**ABOUT THIS EXERCISE**
A word-for-word copy of all entries is required, without images.

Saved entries
□ □ □ □ □
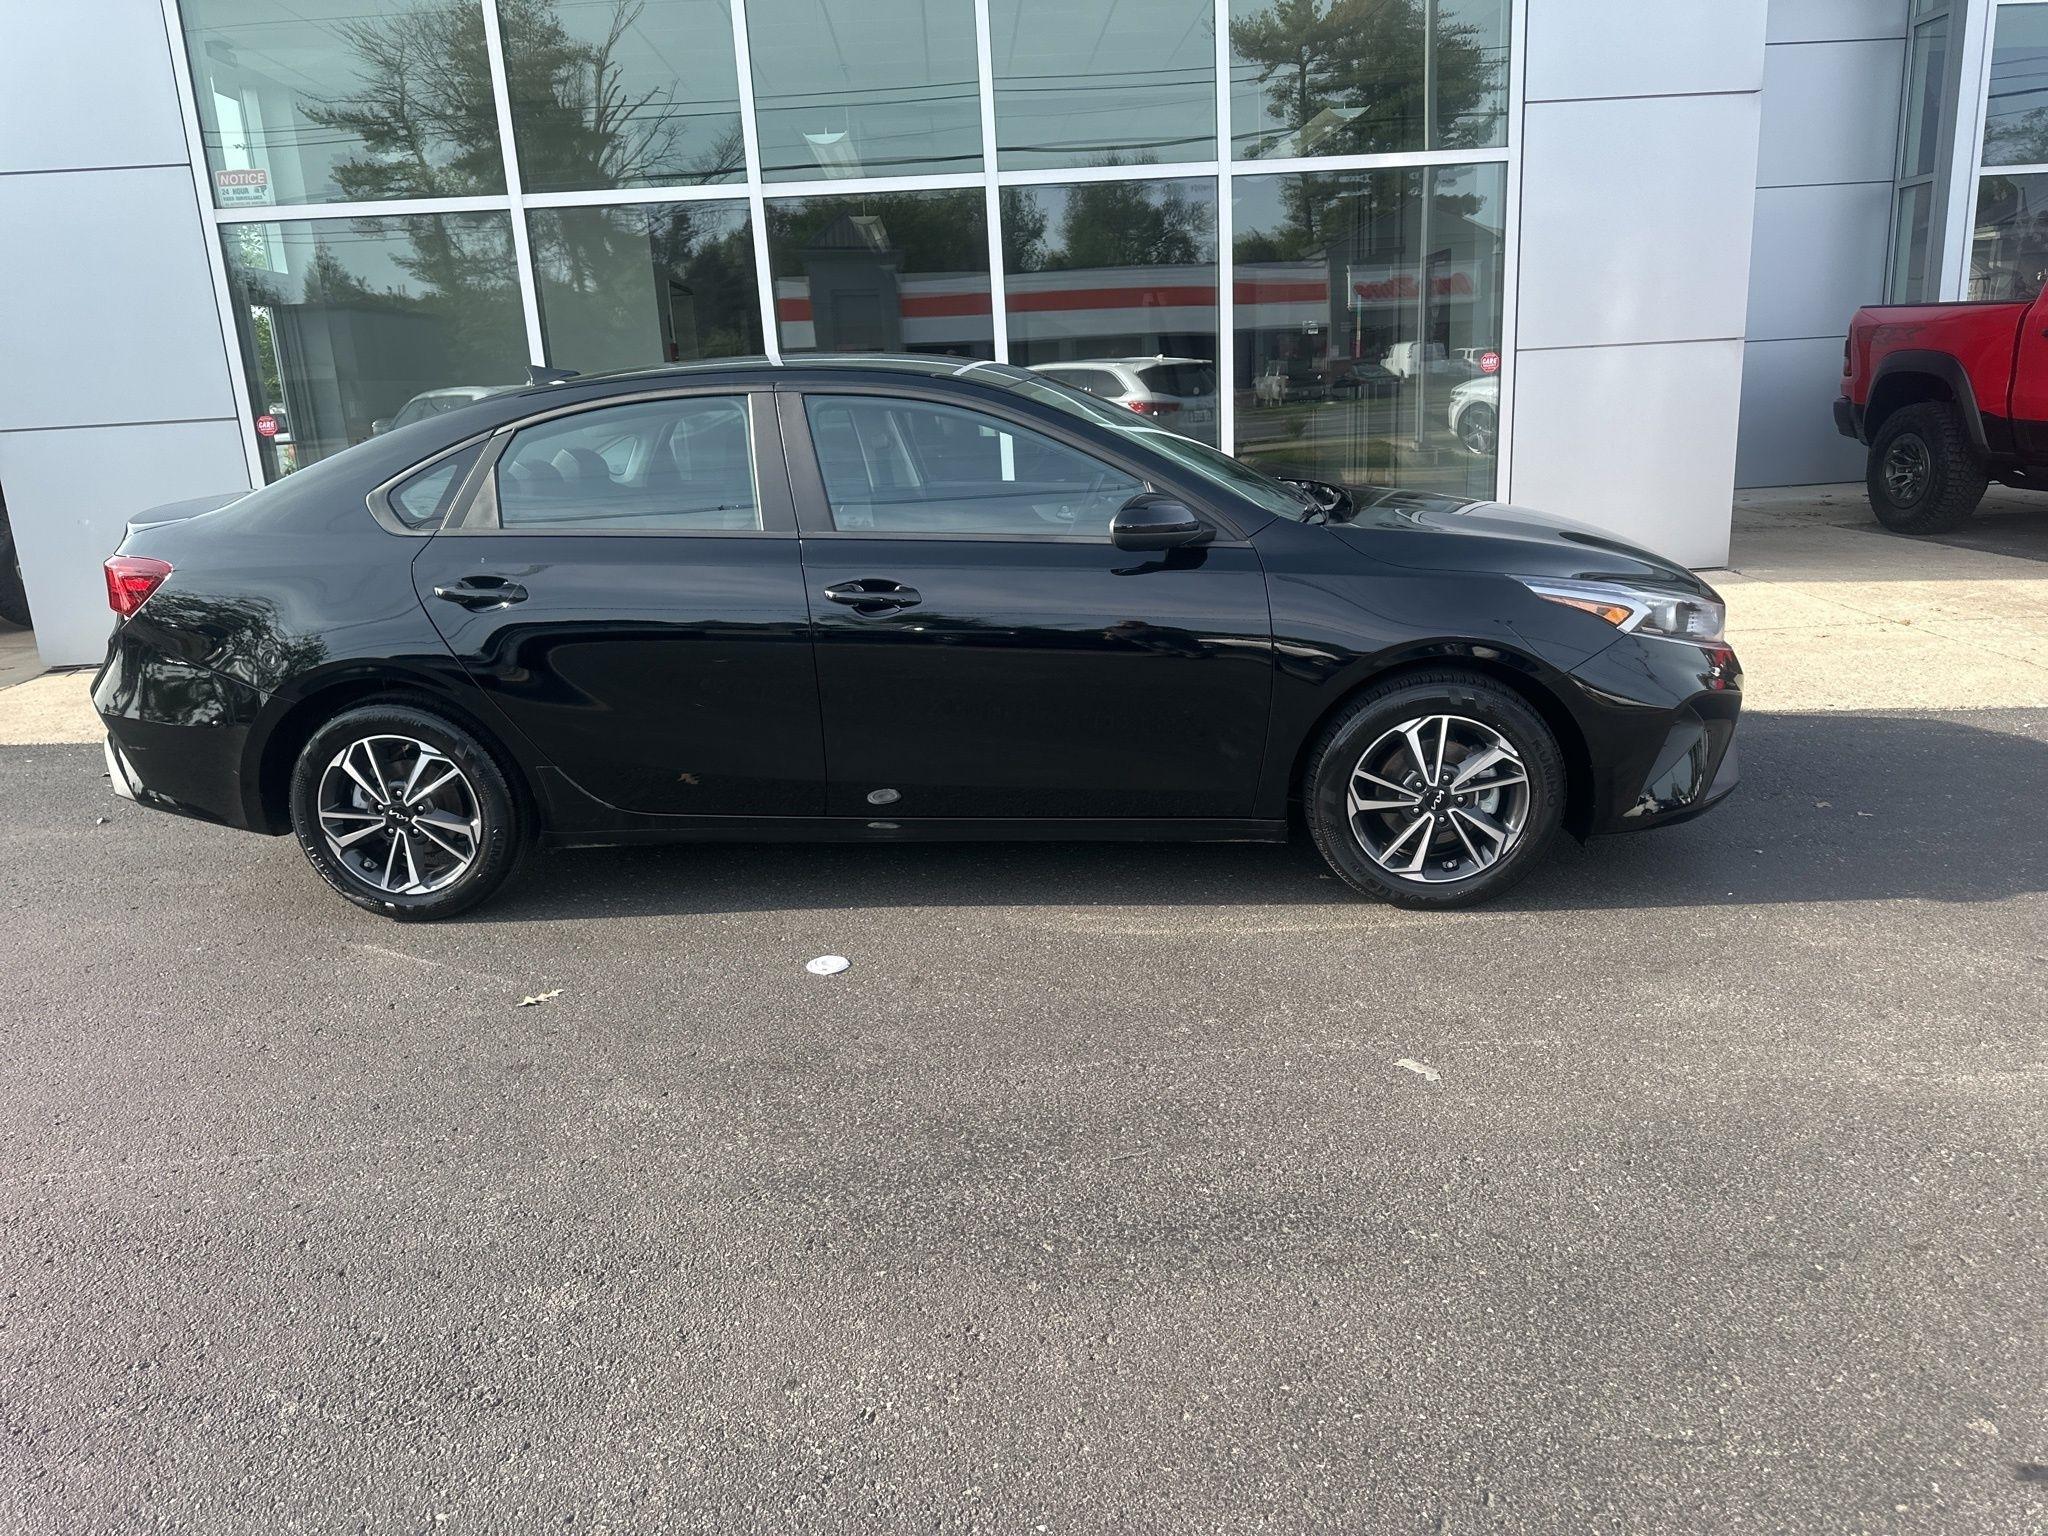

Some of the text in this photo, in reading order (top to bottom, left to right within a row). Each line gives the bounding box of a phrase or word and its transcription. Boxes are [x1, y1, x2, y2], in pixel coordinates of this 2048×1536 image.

[220, 172, 265, 185] NOTICE
[232, 187, 249, 195] HOUR
[258, 420, 275, 429] CARE
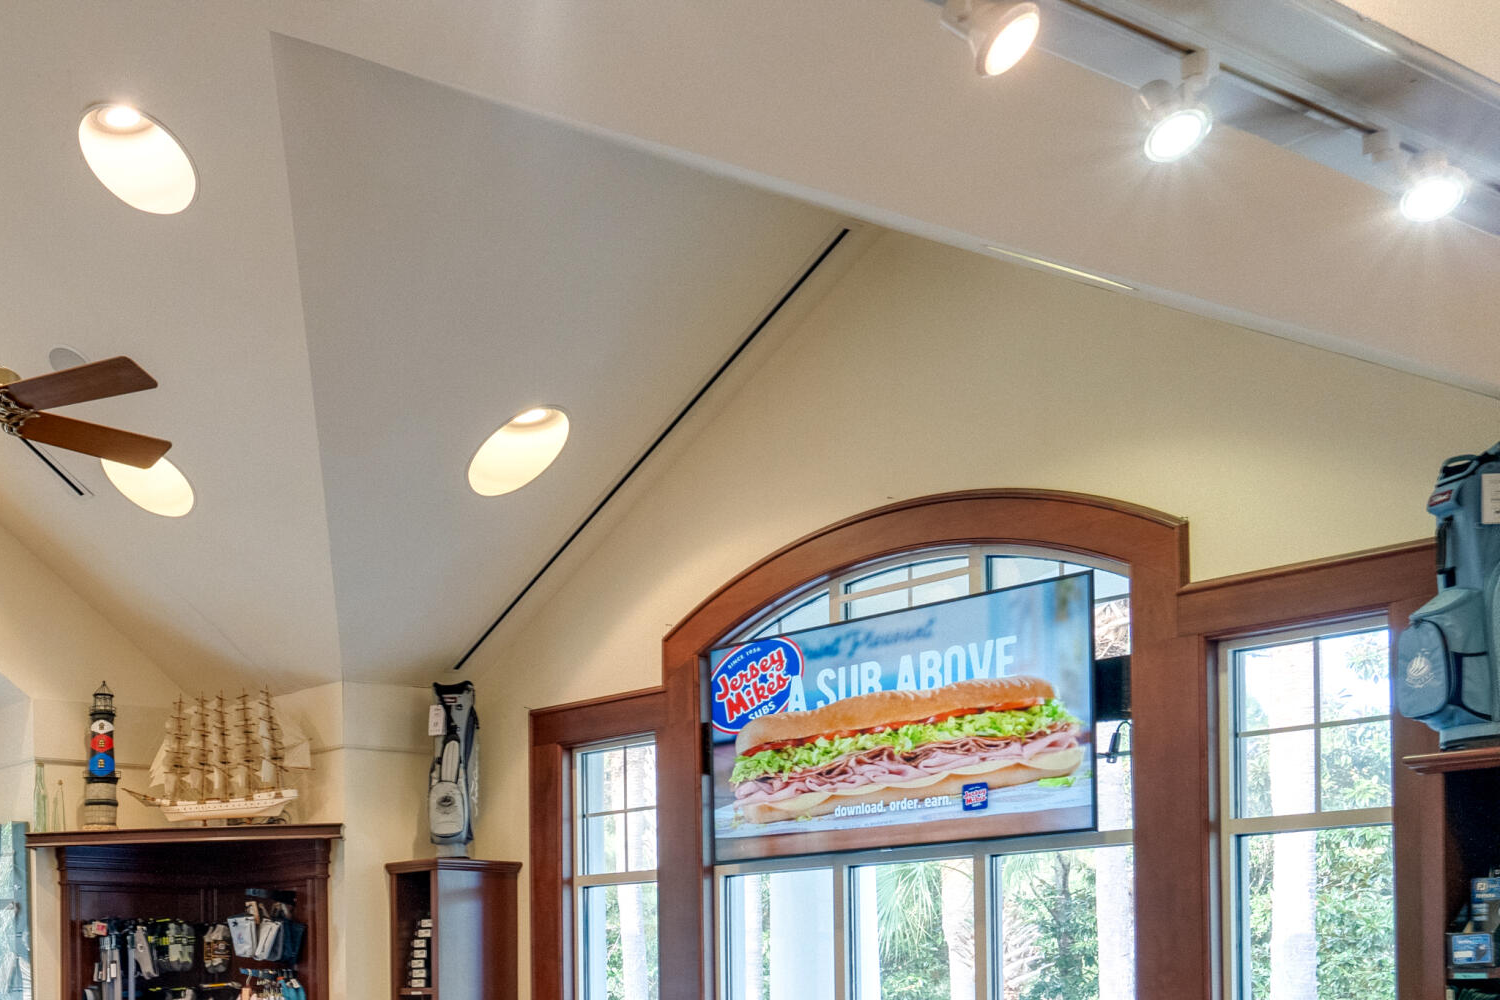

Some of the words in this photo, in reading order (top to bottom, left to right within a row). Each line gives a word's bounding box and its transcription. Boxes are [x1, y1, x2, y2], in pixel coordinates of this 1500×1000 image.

[728, 654, 744, 669] SINCE
[715, 647, 787, 702] Jersey
[788, 674, 808, 712] A
[816, 660, 882, 708] SUB
[896, 635, 1018, 692] ABOVE
[748, 701, 776, 720] SUBS
[834, 800, 887, 818] download.
[889, 798, 922, 811] order.
[924, 795, 952, 808] earn.
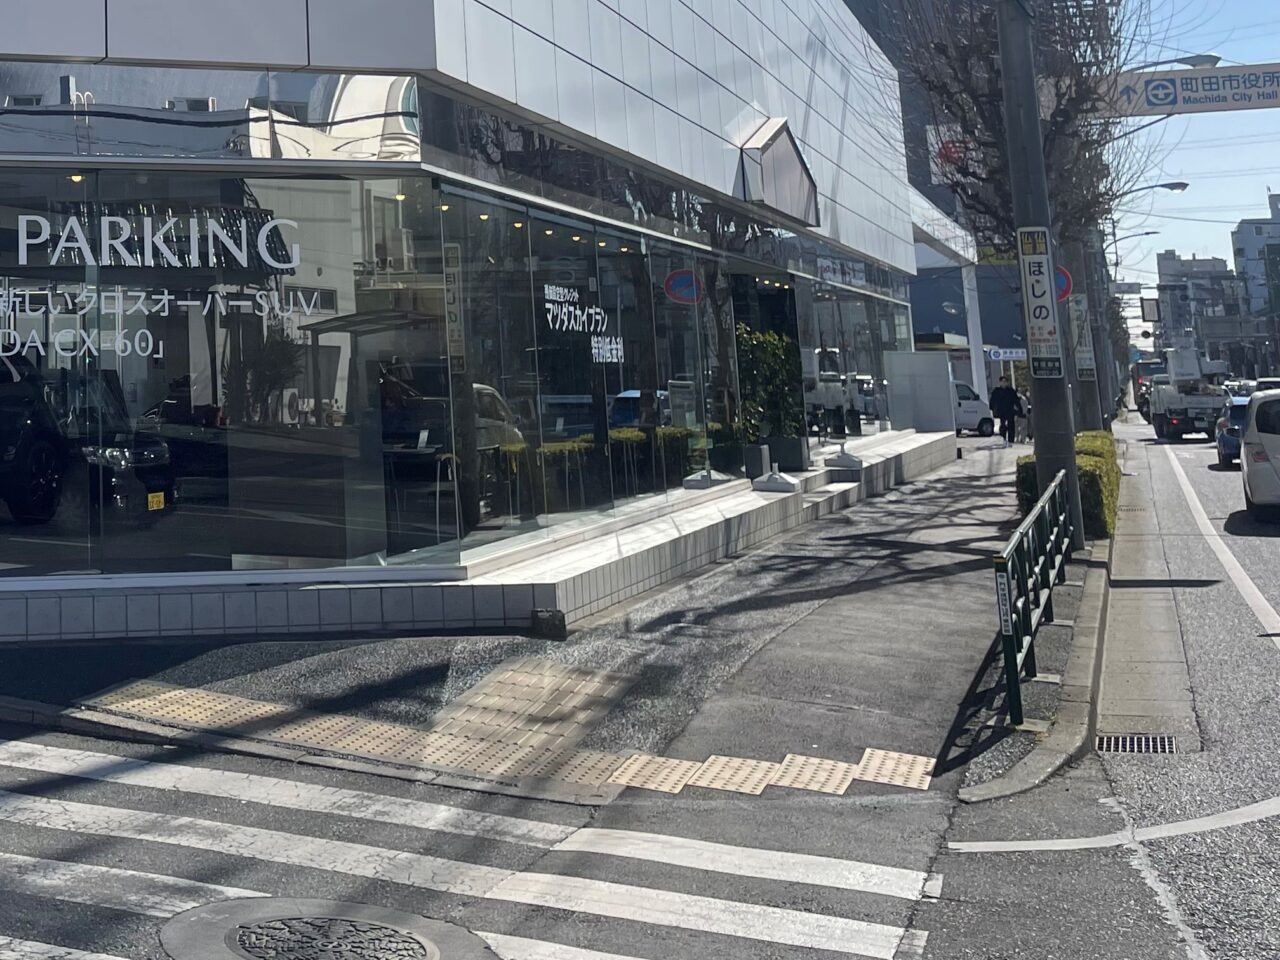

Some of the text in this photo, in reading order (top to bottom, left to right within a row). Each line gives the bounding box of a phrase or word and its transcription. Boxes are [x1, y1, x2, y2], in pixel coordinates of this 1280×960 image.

[1180, 71, 1280, 93] 町田市役所
[1182, 90, 1279, 105] Machida City Hall
[17, 214, 301, 270] PARKING
[1027, 261, 1050, 320] ほしの
□ □ □ □ □
**RESULT OF THE TASK**
Some of the text in this photo, in reading order (top to bottom, left to right within a row). Each line gives the bounding box of a phrase or word and its transcription. Boxes are [x1, y1, x2, y2], in pixel coordinates of this 2048×1536 image.

[220, 172, 265, 185] NOTICE
[232, 187, 249, 195] HOUR
[258, 420, 275, 429] CARE

Some of the words in this photo, in reading order (top to bottom, left to right within a row). Each line gives a word's bounding box and its transcription. Boxes are [x1, y1, x2, y2], in pixel coordinates of this 1500×1000 image.

[728, 654, 744, 669] SINCE
[715, 647, 787, 702] Jersey
[788, 674, 808, 712] A
[816, 660, 882, 708] SUB
[896, 635, 1018, 692] ABOVE
[748, 701, 776, 720] SUBS
[834, 800, 887, 818] download.
[889, 798, 922, 811] order.
[924, 795, 952, 808] earn.

Some of the text in this photo, in reading order (top to bottom, left to right within a row). Each line gives the bounding box of a phrase or word and its transcription. Boxes are [x1, y1, x2, y2], in pixel coordinates of this 1280×960 image.

[1180, 71, 1280, 93] 町田市役所
[1182, 90, 1279, 105] Machida City Hall
[17, 214, 301, 270] PARKING
[1027, 261, 1050, 320] ほしの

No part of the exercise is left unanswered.